A six-member conference committee announced the compromise after closed-door talks over the last two months. The House and Senate passed versions of the bill in the spring and the new bill now goes back to both chambers for up or down votes, possibly as early as Wednesday.
According to lawmakers, the measure would close a projected $118 million deficit facing the Massachusetts Bay Transportation Authority in the fiscal year that starts on Monday, heading off any need for further fare hikes or service cuts on the transit system.
The legislation would also end the practice of borrowing to pay the salaries of state transportation workers and requires the Massachusetts Department of Transportation to formulate plans for putting tolls on additional state highways, including those near the borders of other states.
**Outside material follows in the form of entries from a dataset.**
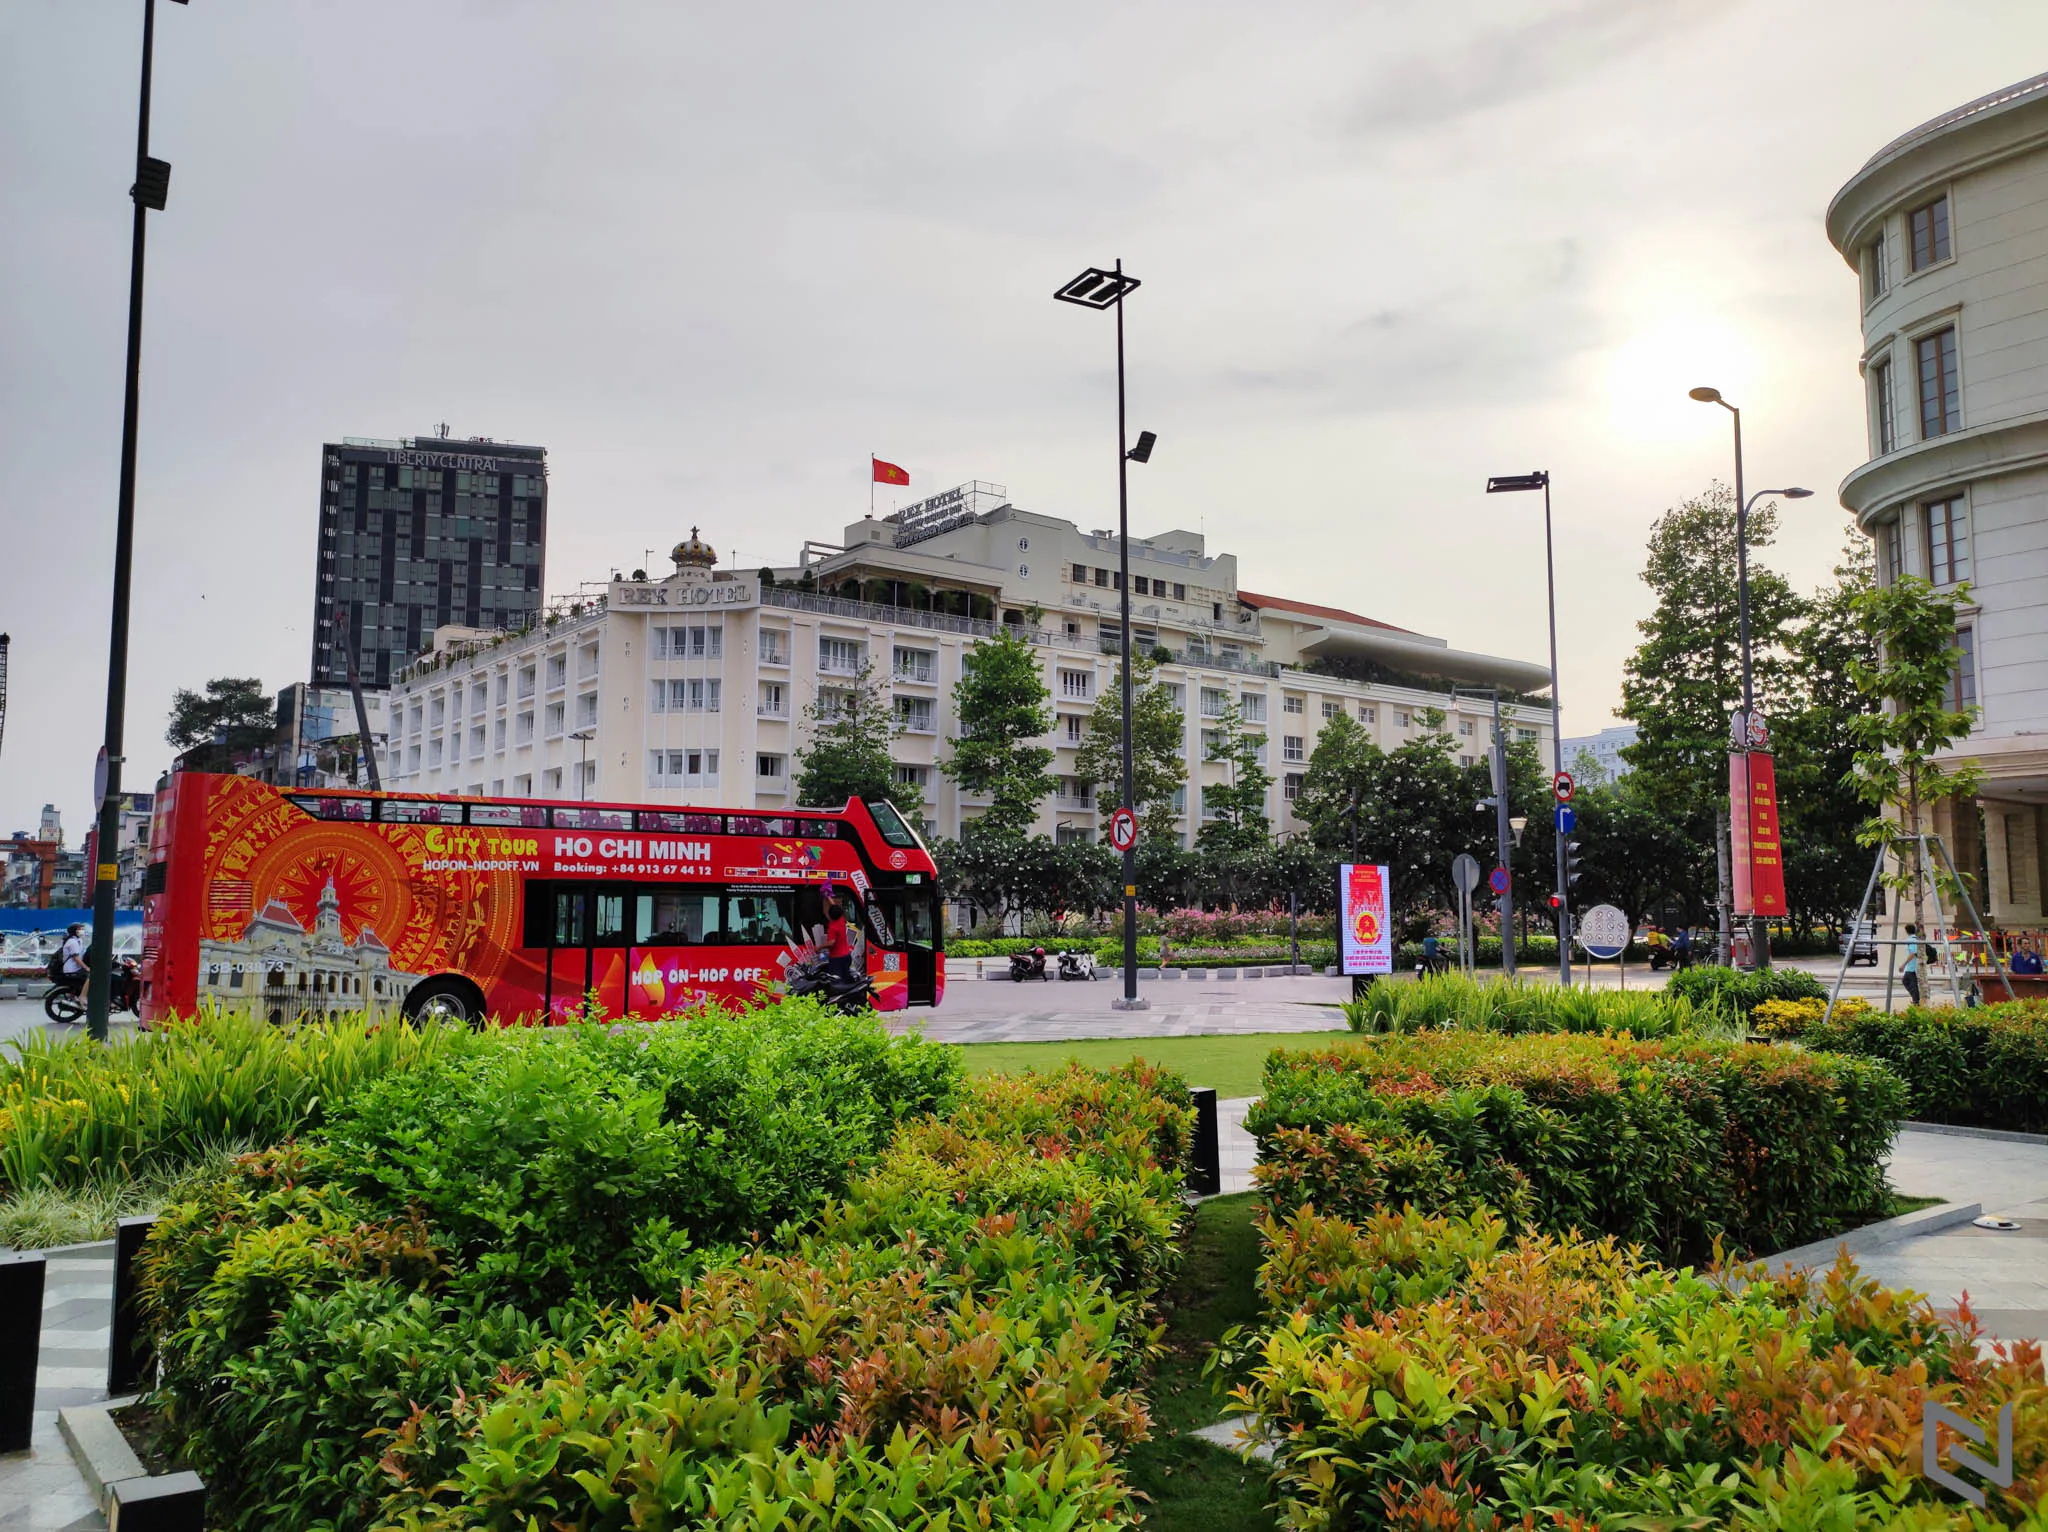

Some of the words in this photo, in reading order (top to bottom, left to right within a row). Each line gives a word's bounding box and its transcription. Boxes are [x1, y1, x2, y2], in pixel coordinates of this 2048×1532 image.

[387, 451, 438, 466] LIBERTY
[440, 455, 500, 472] CENTRAL
[925, 487, 964, 509] HOTEL
[619, 588, 667, 605] REX
[677, 585, 751, 605] HOTEL
[488, 838, 538, 856] TOUR
[554, 837, 592, 857] HO
[599, 839, 642, 859] CHI
[649, 840, 711, 861] MINH
[423, 860, 539, 871] HOPON-HOPOFF.VN
[554, 862, 607, 874] Booking:
[612, 863, 635, 873] +84
[638, 864, 660, 874] 913
[663, 865, 677, 875] 67
[680, 865, 694, 875] 44
[698, 866, 712, 875] 12
[632, 969, 663, 985] HOP
[668, 968, 729, 984] ON-HOP
[733, 967, 762, 982] OFF
In a joint statement issued Tuesday, House Speaker Robert DeLeo and Senate President Therese Murray called the compromise “a responsible and reasonable use of revenues” that would close a longstanding gap in transportation funding and support infrastructure improvements including expansion of the Green Line to Medford and commuter rail service to the South Coast.
“It does not offer a blank check to the Department of Transportation or the MBTA but instead holds the two agencies accountable for their own fiscal management and commitment to reform,” the Democratic leaders said.
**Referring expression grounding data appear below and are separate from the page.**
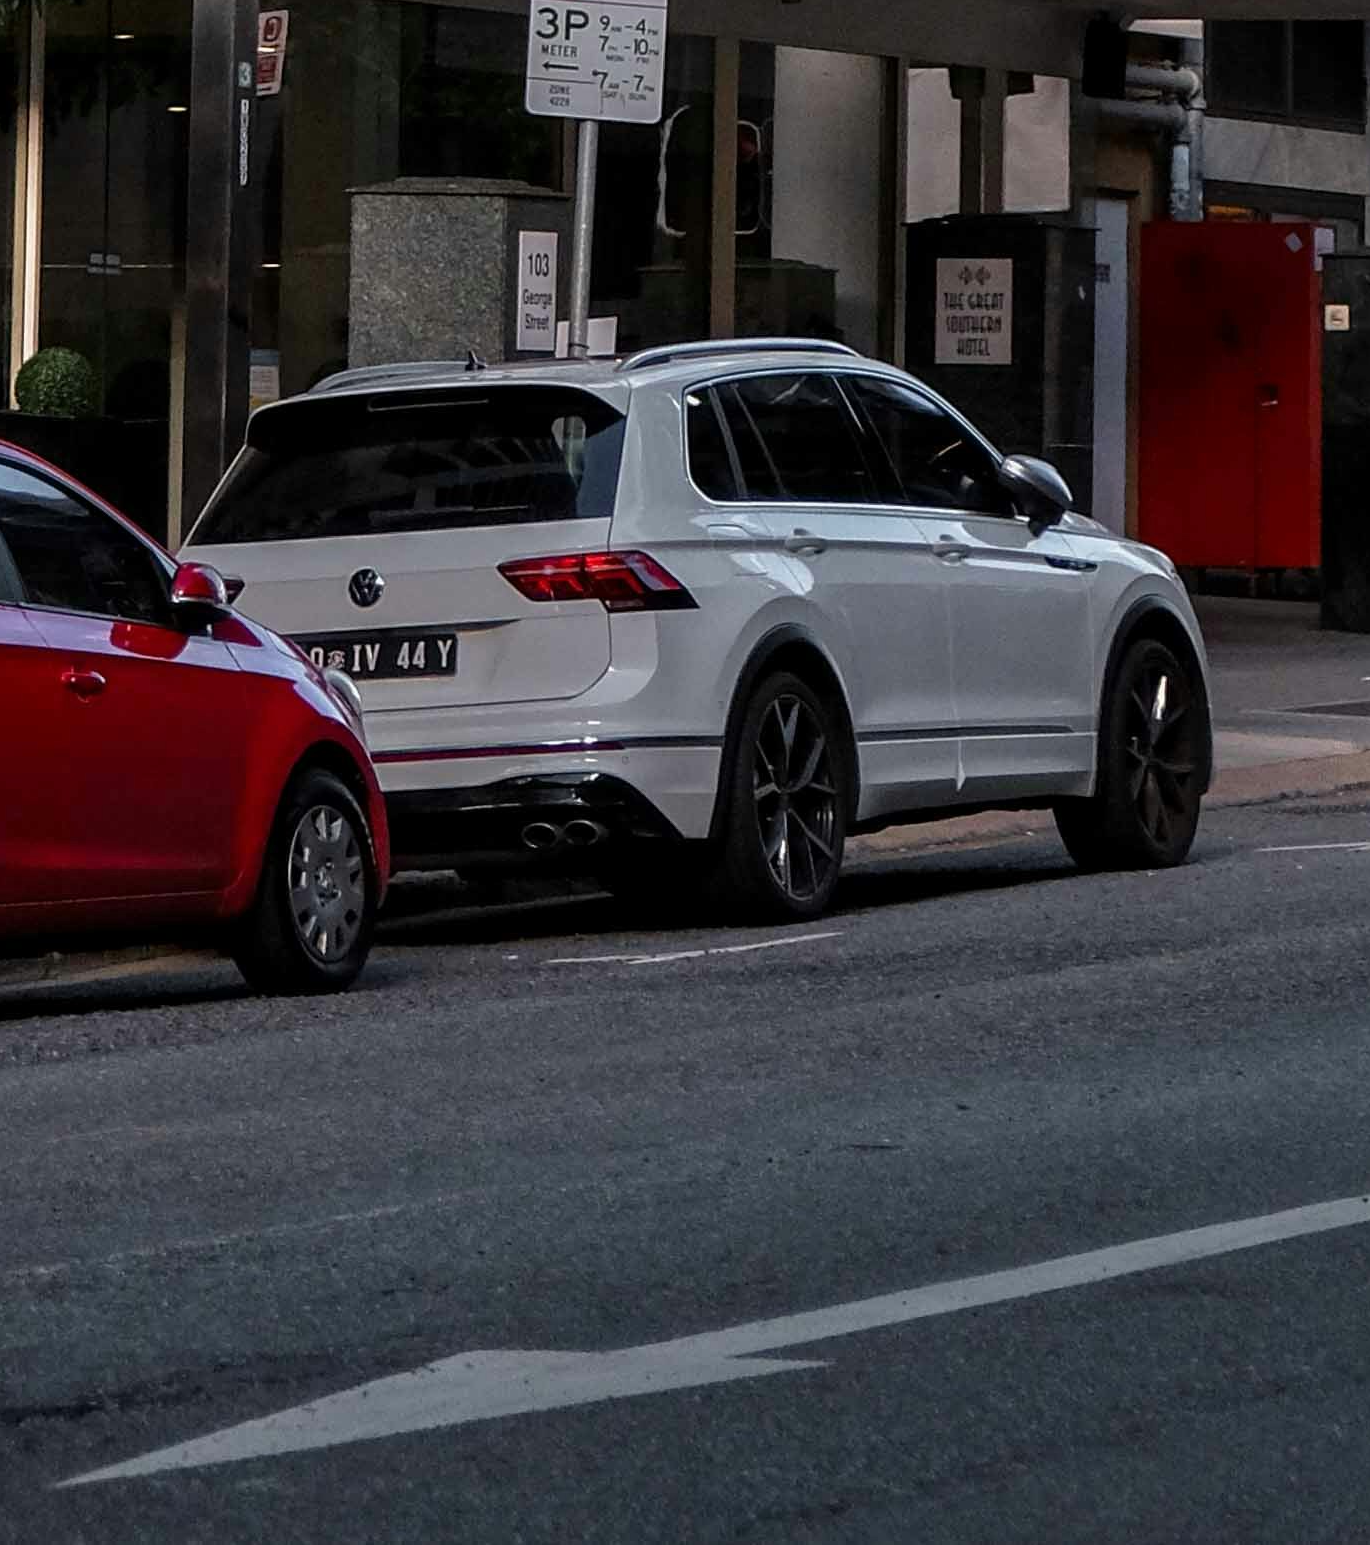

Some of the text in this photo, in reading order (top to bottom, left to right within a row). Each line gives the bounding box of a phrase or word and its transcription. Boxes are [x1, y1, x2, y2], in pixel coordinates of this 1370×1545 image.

[535, 7, 590, 41] 3P
[541, 44, 578, 58] METER
[527, 252, 550, 278] 103
[522, 288, 553, 310] George
[942, 292, 1005, 311] THE GREAT
[525, 313, 550, 331] Street
[946, 314, 1003, 334] SOUTHERN
[956, 337, 991, 357] HOTEL
[351, 643, 381, 673] IV
[396, 640, 426, 670] 44
[437, 638, 453, 668] Y
A veto threat by Gov. Deval Patrick has hovered over the bill for months. In January, Patrick called for $1.9 billion in new taxes, including a hike in the state income tax from 5.25 percent to 6.25 percent. About $1 billion of the new revenue under the governor’s plan would have been dedicated to transportation.
The Legislature, however, approved $500 million in new taxes, including a 3 cent hike in the gasoline tax to 24 cents per gallon and a $1 increase in the tax on cigarettes.
Patrick said he would veto the House-passed version of the bill if it reached his desk, but later called the Senate version a step in the right direction.
The compromise unveiled Tuesday incorporates several elements from the Senate bill, including a pledge to dedicate an additional $805 million to transportation annually by fiscal 2018. It would also generate additional revenue by redirecting an existing 2.5 cents per gallon gasoline surcharge from the cleanup of underground storage tanks to transportation needs.
There was no immediate comment Tuesday from the governor or other administration officials on the conference committee’s bill. The administration has also expressed concern that lawmakers were setting unrealistic expectations for transportation agencies to raise revenue through future increases in fares, tolls or other types of fees.
Murray and DeLeo said they hoped the measure would be sent to Patrick’s desk and signed in a “timely manner.”
Lawmakers who took part in the negotiations promised the bill would address the state’s most pressing transportation needs.
“A modest increase in taxes will secure the financial stability of our transportation system, and by guaranteeing $805 million in new transportation resources we are securing our infrastructure and the efficiency of our future investments,” said Sen. Stephen Brewer, D-Barre, chairman of the Senate Ways and Means Committee.